Smith presents a funny and also disturbing problem: a man in Greenwich, England who is the guest of a guest at a dinner party excuses himself from the table. He goes into a spare bedroom and never comes out. Months go by, and he is lauded as some kind of prophetic folk hero by crowds who gather outside.

Each part of the book is told by four people from the party who knew the man just a little bit. As it turns out, each knows something that adds to what the reader has already learned so that by the end of the book things are less murky.

My favorite of the four guests is a precocious ten year old girl who is smart but lonely, and more comfortable among adults and inside her own inner world than other children. She manages to slip in and out among the other characters, thereby helping the reader tie things together. But all of the sections are marvelous and I really enjoyed the way Smith wove history, science, philosophy, and social commentary into the novel.

Watching each person involved in the drama react, and also seeing how society responds to the man in the room, I thought about how we all see and remember things from a slightly different angle. It’s an idea I enjoyed playing with as I read, that all the little interactions a person has in the world leave scraps of perception that together make up a kind of mosaic view. In fact, it was a book that led to a lengthy musing afterwards, another sign of an excellent read.

What’s time? How does it pass and how do we mark it?
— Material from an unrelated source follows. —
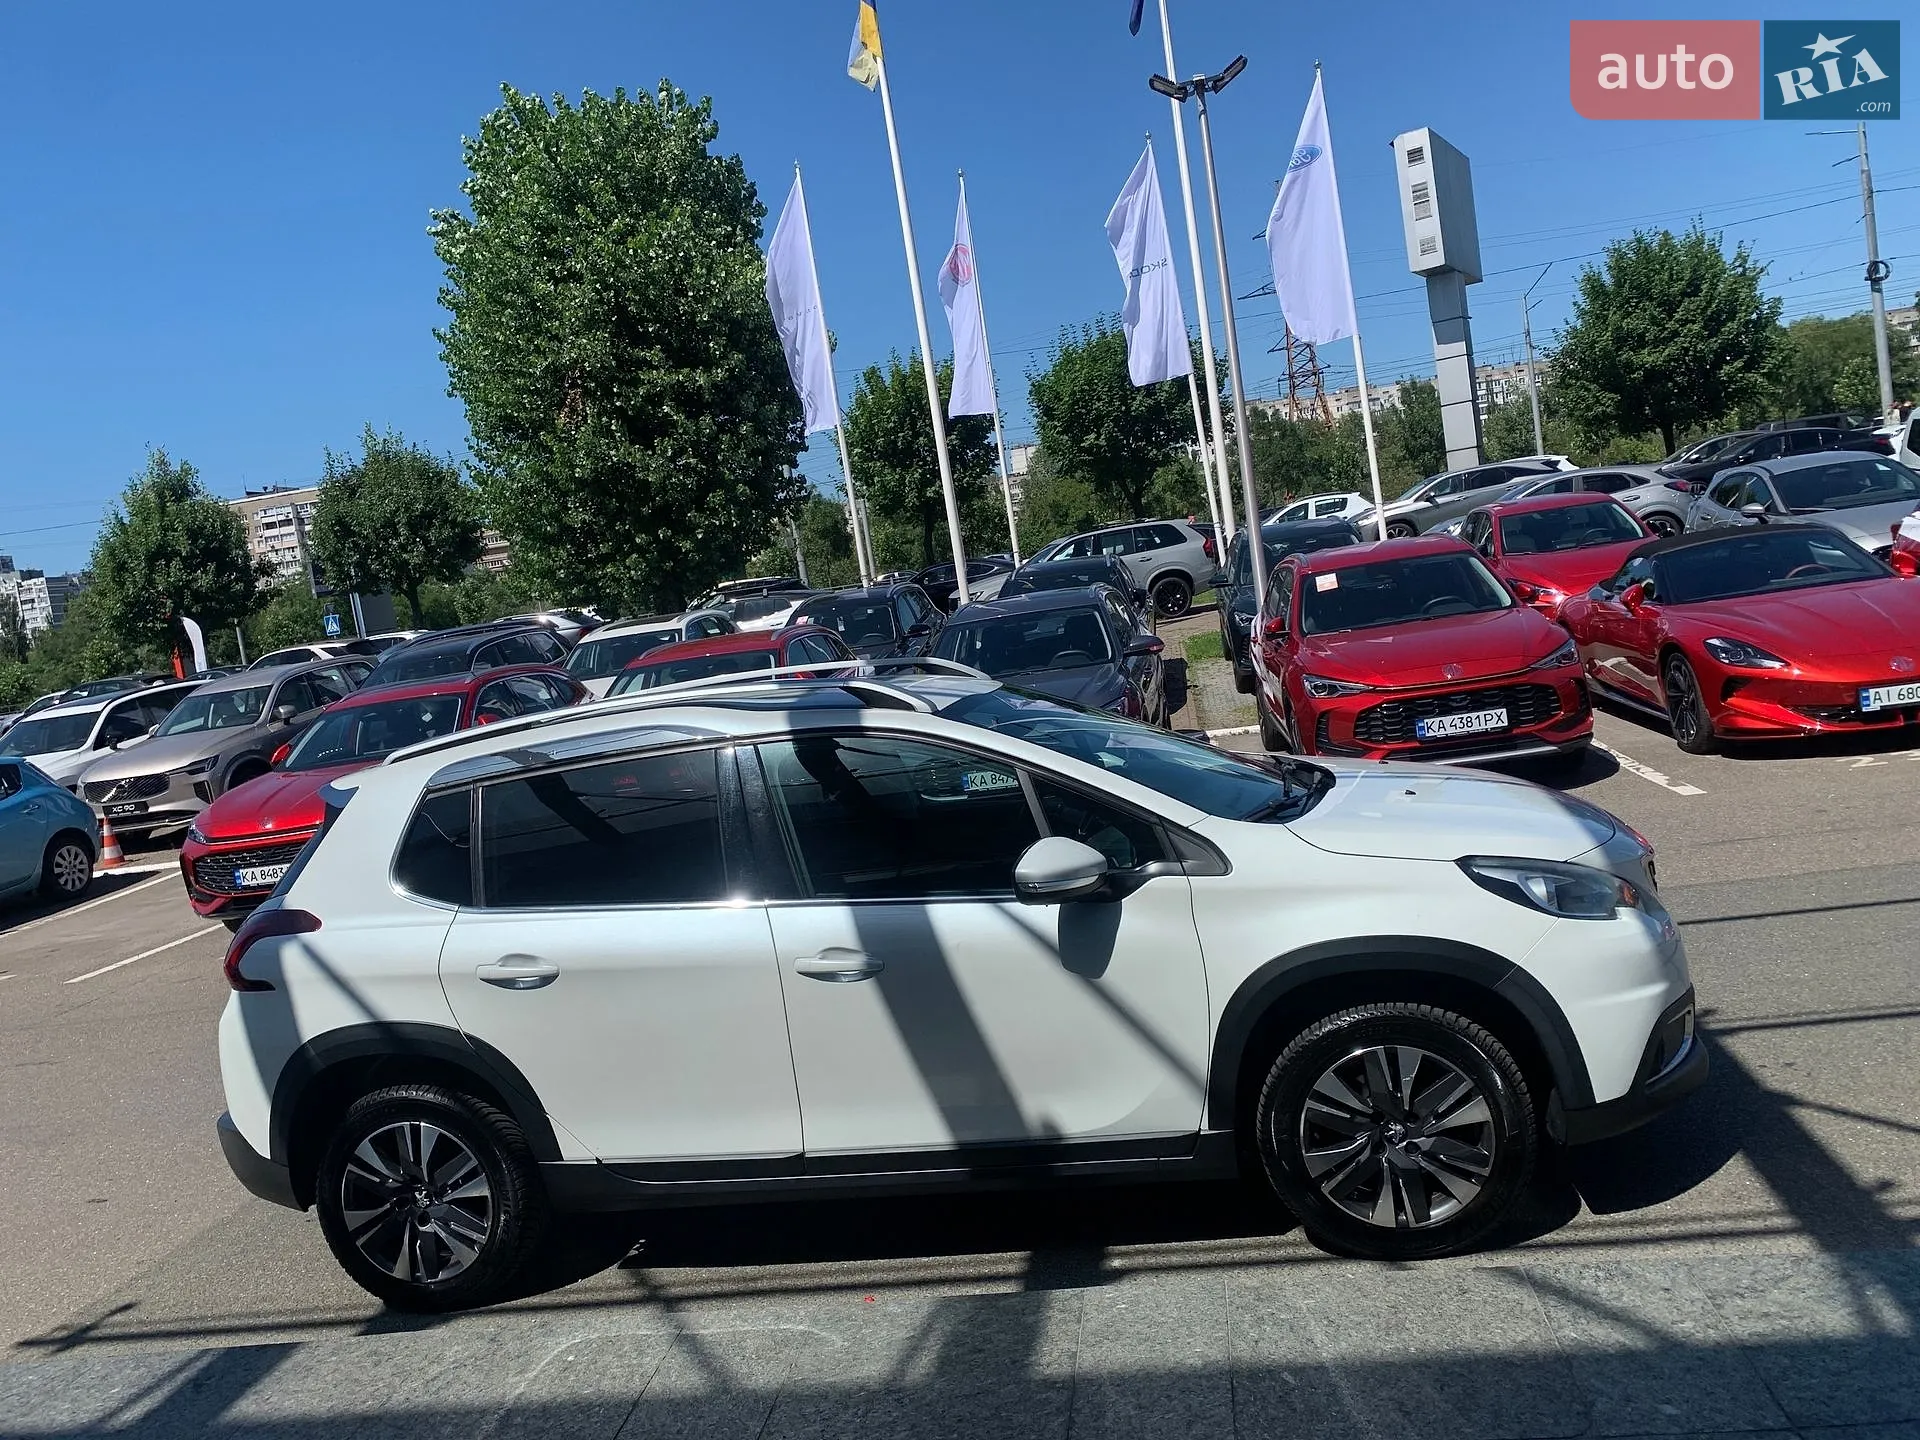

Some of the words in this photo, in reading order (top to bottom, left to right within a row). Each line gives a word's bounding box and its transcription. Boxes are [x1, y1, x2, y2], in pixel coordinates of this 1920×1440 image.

What do we fill it with? How do we impact each other by what we remember and forget? How do we miss, or see, the intersections of our lives with others?  And what can result from even the most minor encounter with another person? Is it possible to be truly alone in this world, or are even people who close themselves off connected somehow with others, whether they want to be or not? These are the things I wondered as I read There But for the and as I drove home that evening.  Heavenly, to have a book for company.

And to share books with the company you most love to keep. Both Teen the Younger and I finished The Invention of Hugo Cabret in December, intending to go see Hugo, which we haven’t done yet. I liked it very much, mostly because of the way Brian Selznik weaves history and magic into the story but also because of the interesting intersection of art and story — it’s not a graphic novel, it’s not a picture book, it’s kind of a category of its own.
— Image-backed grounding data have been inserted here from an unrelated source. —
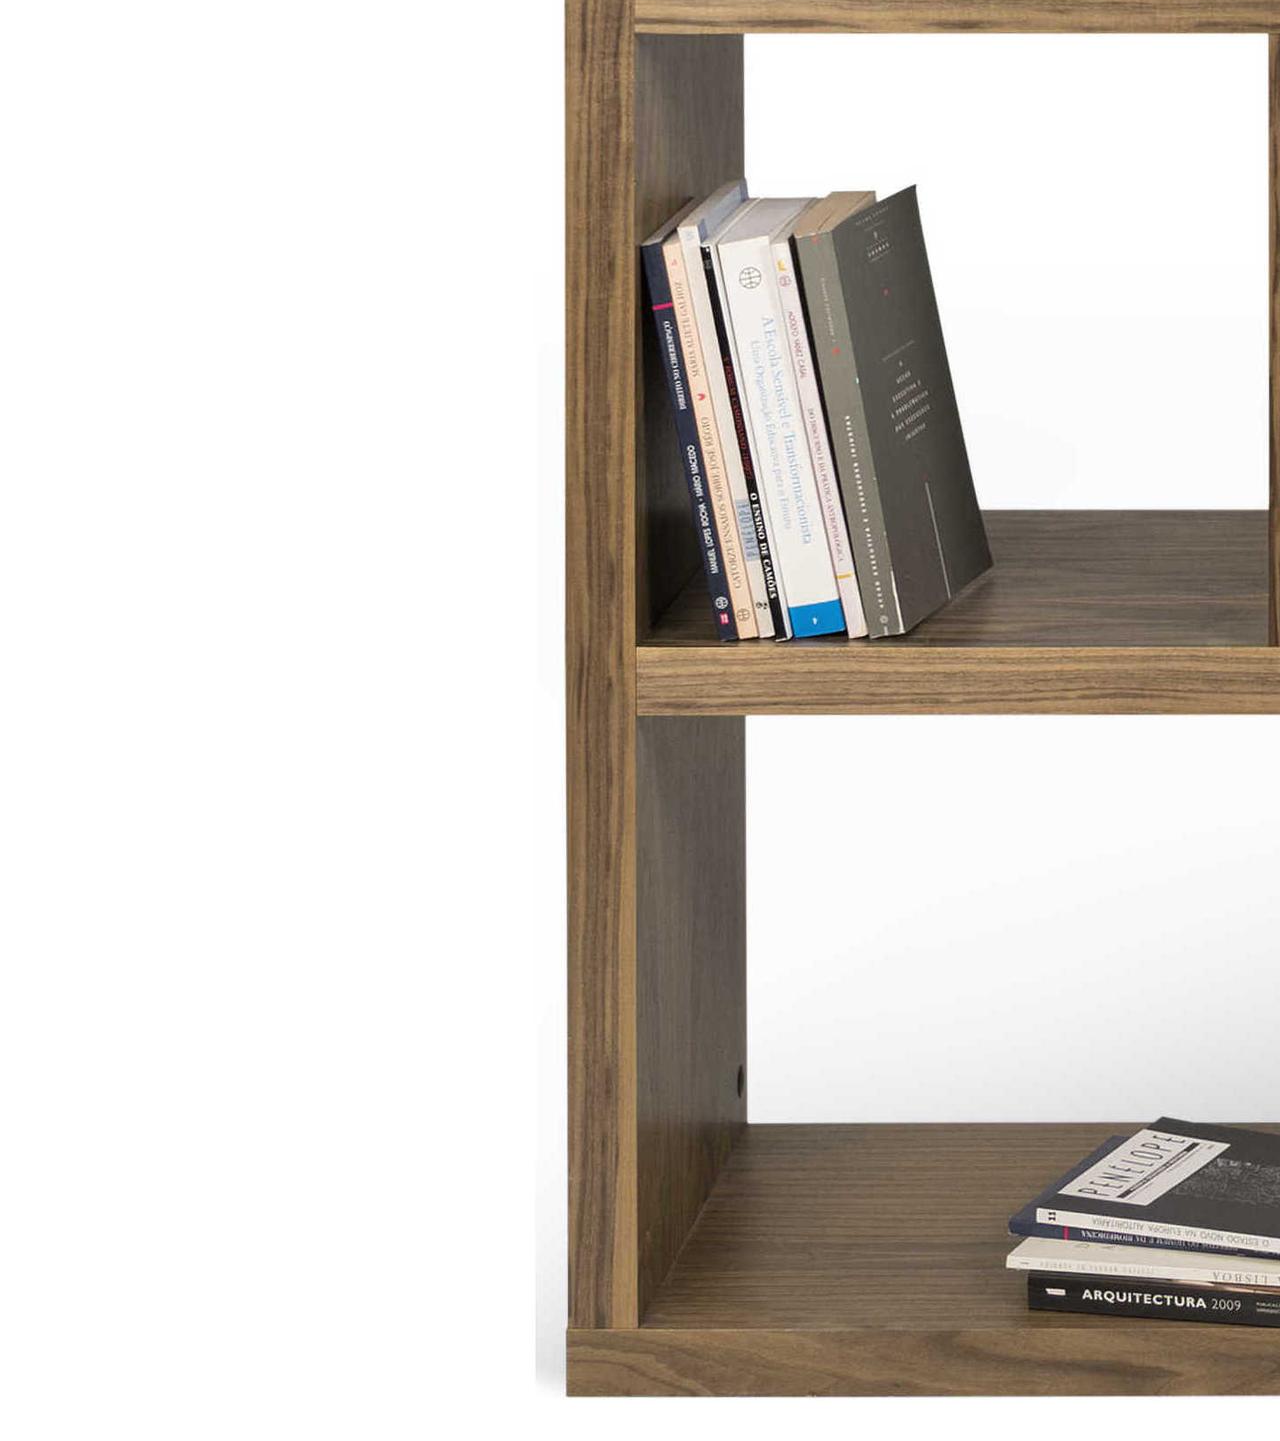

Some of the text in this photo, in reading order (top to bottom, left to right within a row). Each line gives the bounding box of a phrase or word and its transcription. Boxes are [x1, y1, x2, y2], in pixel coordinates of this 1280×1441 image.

[762, 317, 773, 327] A
[764, 329, 782, 367] Escola
[698, 503, 708, 526] ROCHA
[703, 528, 712, 547] LOPES
[749, 492, 780, 598] O ENSINO DE CAMÕES
[1081, 1230, 1133, 1241] BIOMEDICINA
[1148, 1224, 1181, 1236] EUROPA
[1184, 1228, 1196, 1238] NA
[1198, 1231, 1223, 1241] NOVO
[1226, 1233, 1258, 1246] ESTADO
[1210, 1272, 1267, 1285] LISBOA
[1083, 1290, 1241, 1311] ARQUITECTURA 2009
As I wrote last month, Teen the Younger liked the art.  Since we both enjoyed it so much, I bought Brian Selznik’s new book, Wonderstruck, which is in our to-read piles.  She also read a new Gakuen Alice manga.
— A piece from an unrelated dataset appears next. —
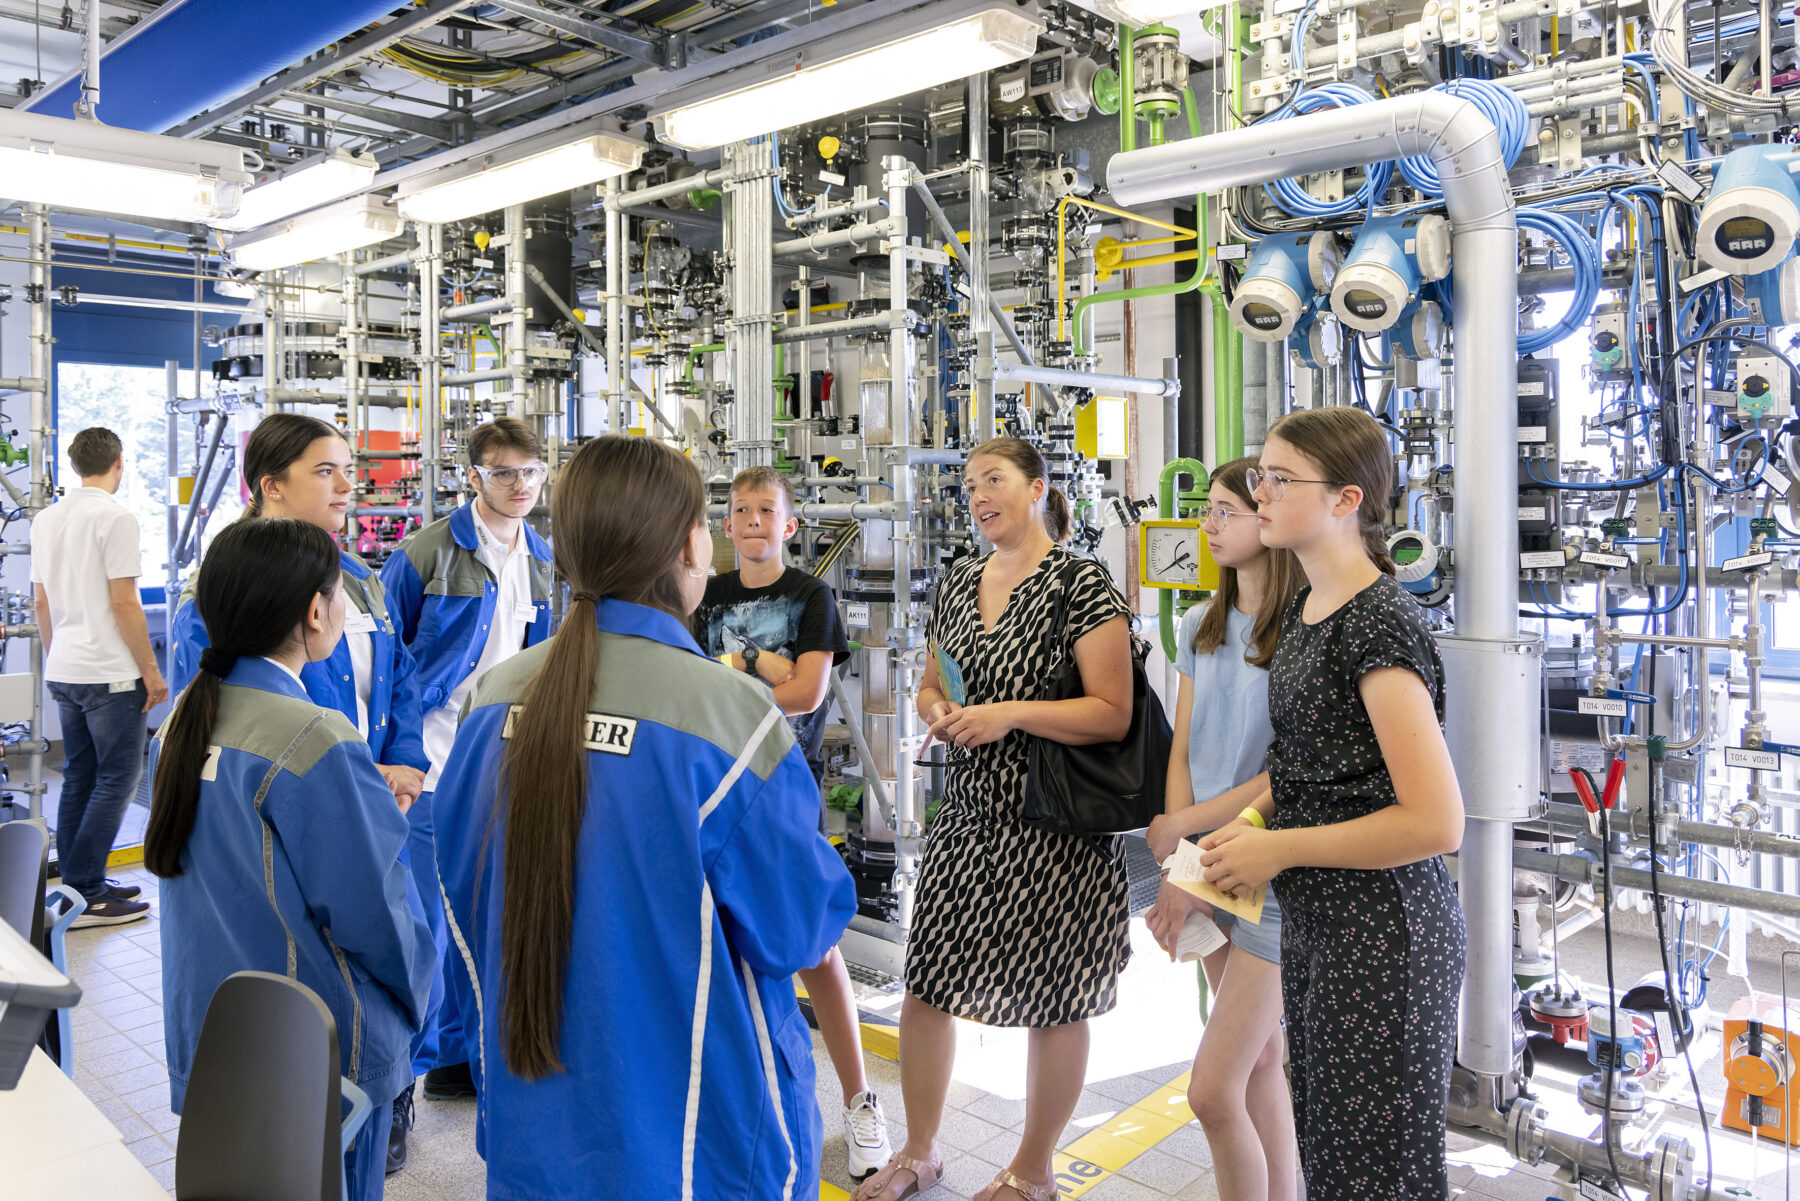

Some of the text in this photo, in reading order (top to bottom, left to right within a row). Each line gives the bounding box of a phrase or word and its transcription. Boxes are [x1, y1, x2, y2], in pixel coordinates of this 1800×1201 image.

Teen the Elder read Inheritance, the fourth book in the Inheritance Cycle by Christopher Paolini. He enjoyed it very much. He says Paolini finished the story very well, and “dragons kick ass.”  What can I say, he’s an adult now. He has a pile of books to take back to England with him, so perhaps from time to time I’ll mention what he’s reading. Over the first term there he re-read The Hobbit and all three Lord of the Rings books, which are his favorite books ever (so far).

The Computer Scientist got some books for Christmas but December is one of the two busiest months of the year for him, especially the final week of the year when everyone is making charitable donations.  So he has an even taller to-read pile.

What’s up for me? I have a few books out of the library and I plan to peruse my other piles. Last night I told the Computer Scientist we need to move to a remote location without a bookstore or library for a year, so that I could read all the books I’ve been meaning to get to without distraction from new titles or shelf browsing.

Since the week before Christmas, I’ve hardly had time to read anything. I started two books that I didn’t care for, and following the wise counsel of Teen the Younger, abandoned them. Hopefully I’ll settle into something good soon. In 2012 I hope to continue reading the Hooksett Book Club selections as well, so I’m now reading the January title, The Autobiography of Miss Jane Pittman by Ernest Gaines. What are you reading?